Fix: Deploy a persistent daemon (kb serve --detached equivalent). Route all search/ingest calls through a local IPC or HTTP endpoint. Keep the model resident in memory during active development sessions.
4. Over-Indexing Raw Artifacts
Explanation: Ingesting every log file, debug output, or transient note bloats the knowledge base with noise. The synthesis layer wastes tokens processing irrelevant data.
Fix: Implement a curation pipeline. Only ingest sources that pass a relevance filter (e.g., architecture docs, decision records, API specs). Use file-type allowlisting and size thresholds before triggering synthesis.
5. Vector Drift & Stale Embeddings
Explanation: As wiki pages are updated, their embeddings may not reflect the latest content if re-embedding is skipped for performance reasons. Search results gradually degrade.
Fix: Tie embedding regeneration to the version column. Trigger async re-embedding on every UPDATE. Use a background worker pool to handle embedding jobs without blocking the main synthesis loop.
6. Git Merge Conflicts in Wiki Files
Explanation: Multiple agents or developers editing markdown files simultaneously creates merge conflicts. LLMs lack native conflict resolution strategies for structured text.
Fix: Enforce atomic writes with file locking. Use a branch-per-feature workflow for knowledge updates. Implement a deterministic merge strategy that prioritizes the latest last_updated timestamp and preserves cross-reference integrity.
Production Bundle
Action Checklist
Decision Matrix
| Scenario | Recommended Approach | Why | Cost Impact |
|---|
| Rapid prototyping / local dev | Compilation/Wiki Pattern (Local SQLite) | Zero API costs, instant iteration, full data sovereignty | $0 infrastructure, minimal compute |
| Enterprise multi-agent orchestration | Hybrid (Wiki + Centralized Vector DB) | Wiki handles synthesis, vector DB enables cross-team search | Moderate cloud costs, high ROI on knowledge reuse |
| High-frequency real-time queries | Daemon-backed Hybrid Search | Warm model cache reduces latency to <150ms | Higher RAM usage, negligible CPU overhead |
| Compliance-heavy / regulated data | Local-First Compilation | No data leaves the machine, full audit trail via Git | Zero third-party risk, higher internal maintenance |
Configuration Template
# AGENTS.md - Knowledge Synthesis Protocol
## Core Directives
1. You maintain a persistent wiki located in `./knowledge/`.

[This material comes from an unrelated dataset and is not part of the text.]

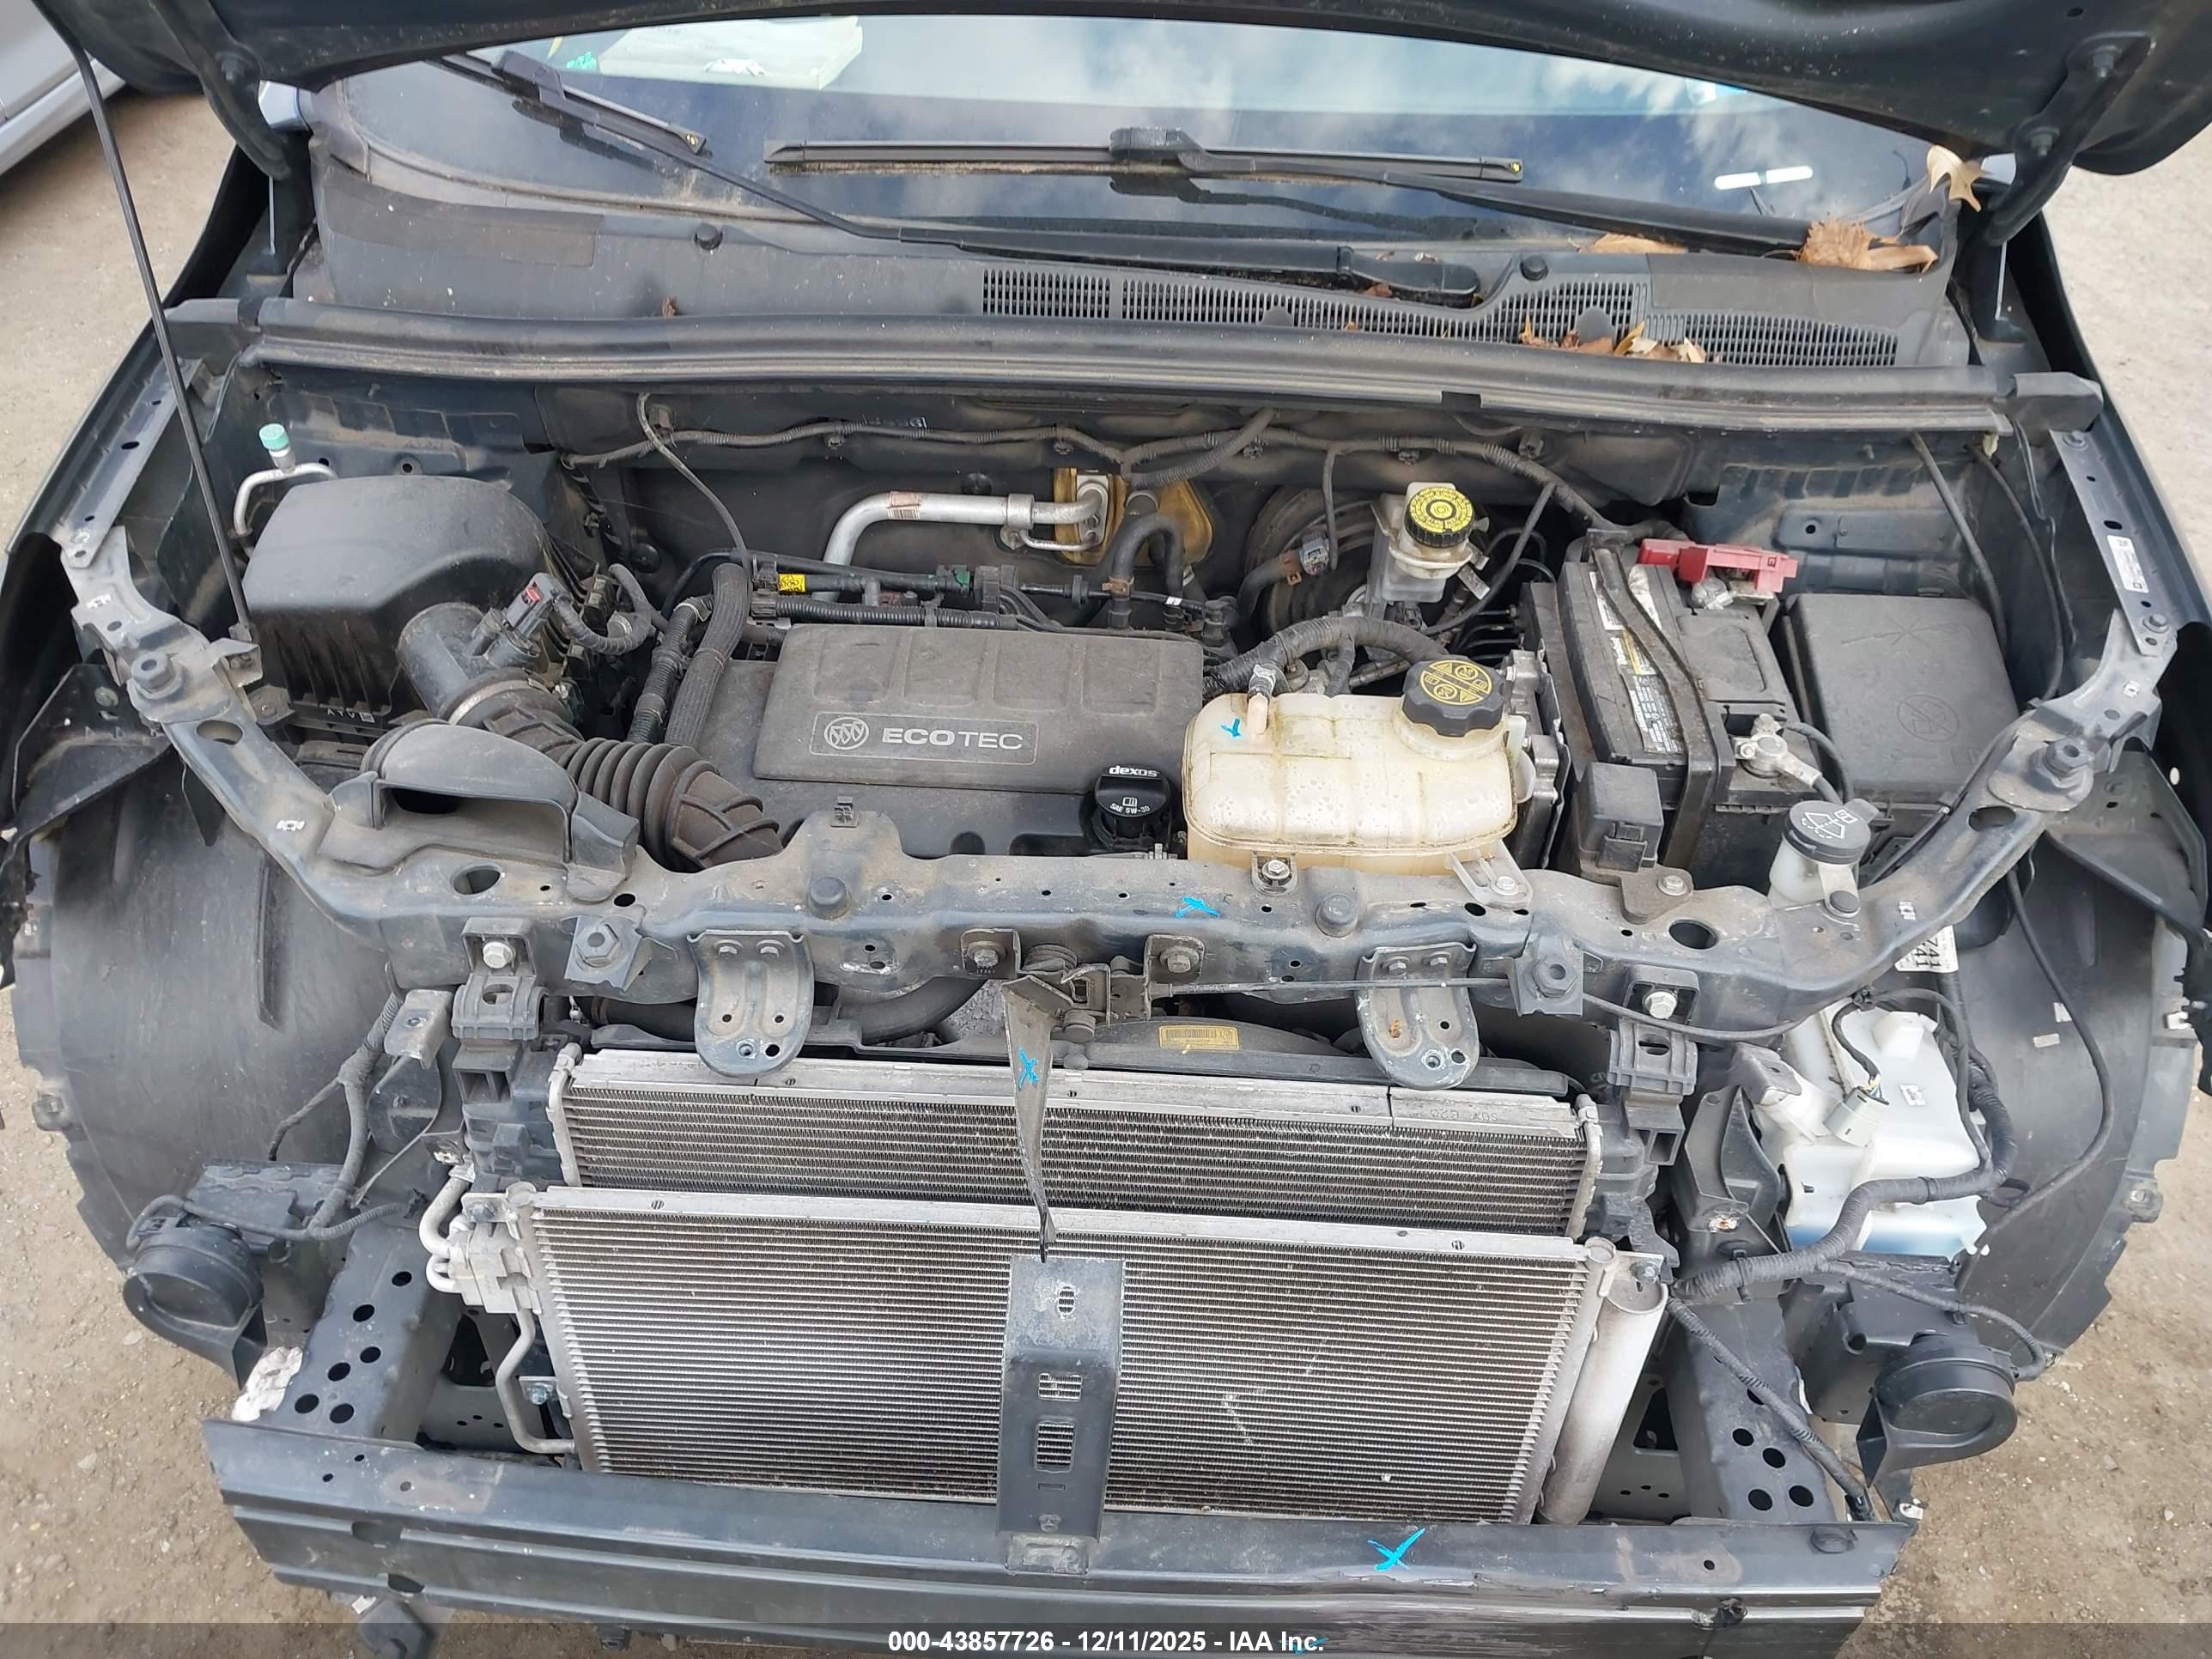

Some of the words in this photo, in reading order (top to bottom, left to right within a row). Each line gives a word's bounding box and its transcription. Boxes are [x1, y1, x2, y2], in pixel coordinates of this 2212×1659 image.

[882, 727, 1024, 750] ECOTEC
[1109, 765, 1160, 777] dexos
[1109, 802, 1124, 813] SAE
[1125, 805, 1151, 815] 5W-30

2. Raw sources are immutable. Never modify original documents.
3. Synthesize facts into entity pages, concept summaries, and decision logs.
4. Update cross-references when dependencies change.

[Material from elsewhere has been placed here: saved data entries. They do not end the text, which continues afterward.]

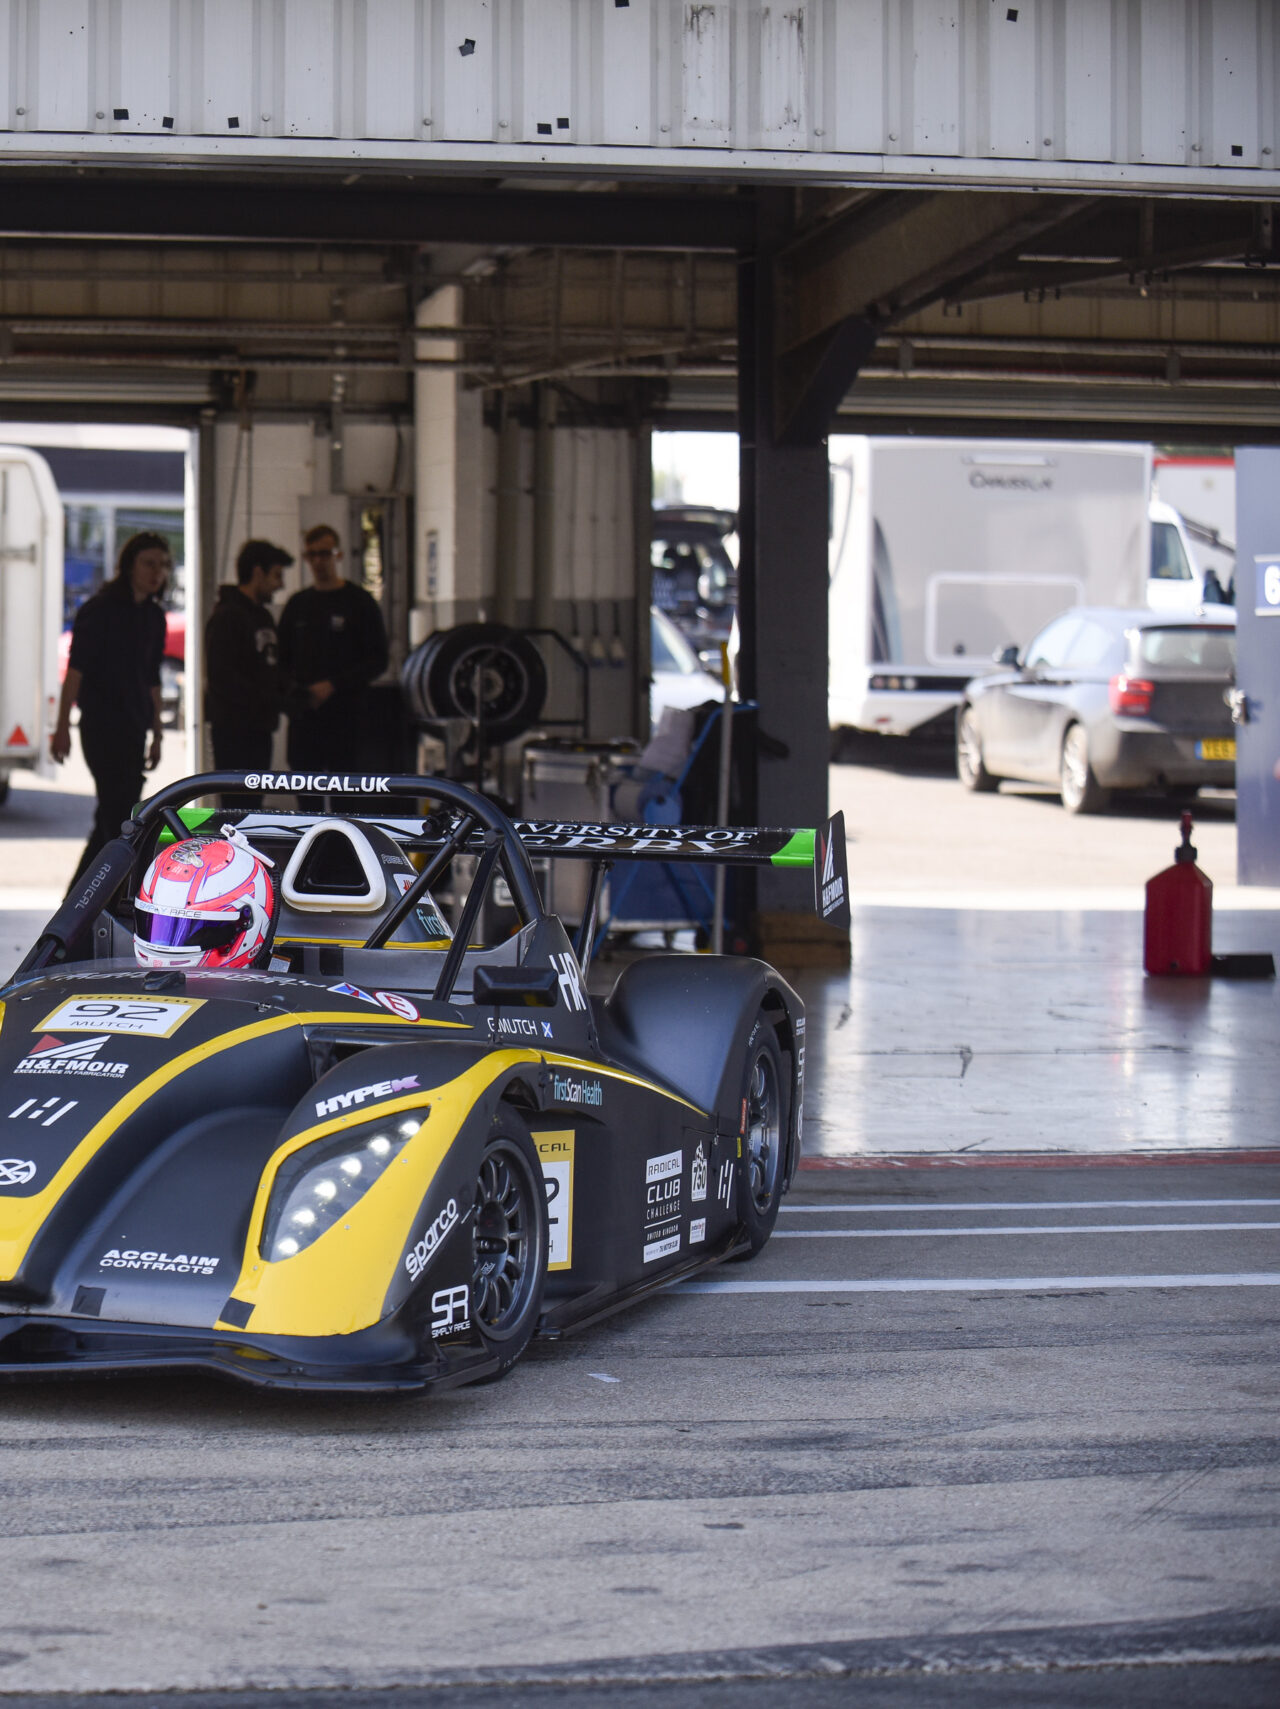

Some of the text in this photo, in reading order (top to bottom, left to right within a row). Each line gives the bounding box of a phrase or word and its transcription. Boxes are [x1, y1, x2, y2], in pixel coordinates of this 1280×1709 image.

[244, 773, 391, 793] @RADICAL.UK
[513, 822, 758, 842] IVERSITY OF
[521, 834, 750, 853] ERBY
[74, 863, 112, 910] RADICAL
[170, 908, 203, 918] RACE
[69, 1003, 168, 1021] 92
[70, 1020, 144, 1029] MUTCH
[16, 1059, 130, 1074] H&FMOIR
[74, 1070, 125, 1078] FABRICATION
[648, 1157, 680, 1177] RADICAL
[647, 1178, 681, 1204] CLUB
[646, 1200, 680, 1220] CHALLENGE
[405, 1198, 458, 1275] sparco
[99, 1258, 215, 1275] CONTRACTS
[103, 1249, 220, 1267] ACCLAIM
[431, 1320, 471, 1338] SIMPLY RACE

5. Flag contradictions explicitly using the `[[CONFLICT]]` tag.
## File Structure
- `./knowledge/entities/` - System components, services, libraries
- `./knowledge/concepts/` - Architectural patterns, protocols, methodologies
- `./knowledge/decisions/` - ADRs, trade-off analyses, implementation choices
- `./knowledge/logs/` - Chronological synthesis history
## Search & Ingestion Rules
- Use `kb search <query>` to retrieve relevant context before answering.

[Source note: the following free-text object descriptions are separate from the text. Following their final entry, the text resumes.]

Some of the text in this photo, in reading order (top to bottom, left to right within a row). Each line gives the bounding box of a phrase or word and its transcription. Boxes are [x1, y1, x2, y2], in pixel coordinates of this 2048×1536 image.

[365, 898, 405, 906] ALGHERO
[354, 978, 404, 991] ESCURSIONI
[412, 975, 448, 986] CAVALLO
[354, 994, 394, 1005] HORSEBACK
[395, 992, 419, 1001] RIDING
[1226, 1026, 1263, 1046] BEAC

- Use `kb add <source>` to ingest new documentation.
- Use `kb update <entity>` to modify existing pages.
- Always verify cross-references after updates.
- Maintain markdown formatting consistency.
Quick Start Guide
- Initialize the knowledge store: Create a dedicated directory for markdown files and configure the SQLite backend with FTS5 and vector extensions. Set the embedding model path to your local cache.
- Deploy the orchestration schema: Place
AGENTS.md in your project root. Define naming conventions, file structure, and synthesis rules. Ensure your AI agent reads this file on initialization.
- Start the embedding daemon: Launch the background service to warm the model in memory. Verify latency drops below 200ms for subsequent queries.
- Ingest initial sources: Run the synthesis pipeline against your existing architecture docs, decision records, and API specifications. Verify cross-references and contradiction flags.
- Validate agent behavior: Query the knowledge base through your agent. Confirm it autonomously calls search, update, and add operations without manual prompt engineering. Monitor synthesis logs for accuracy.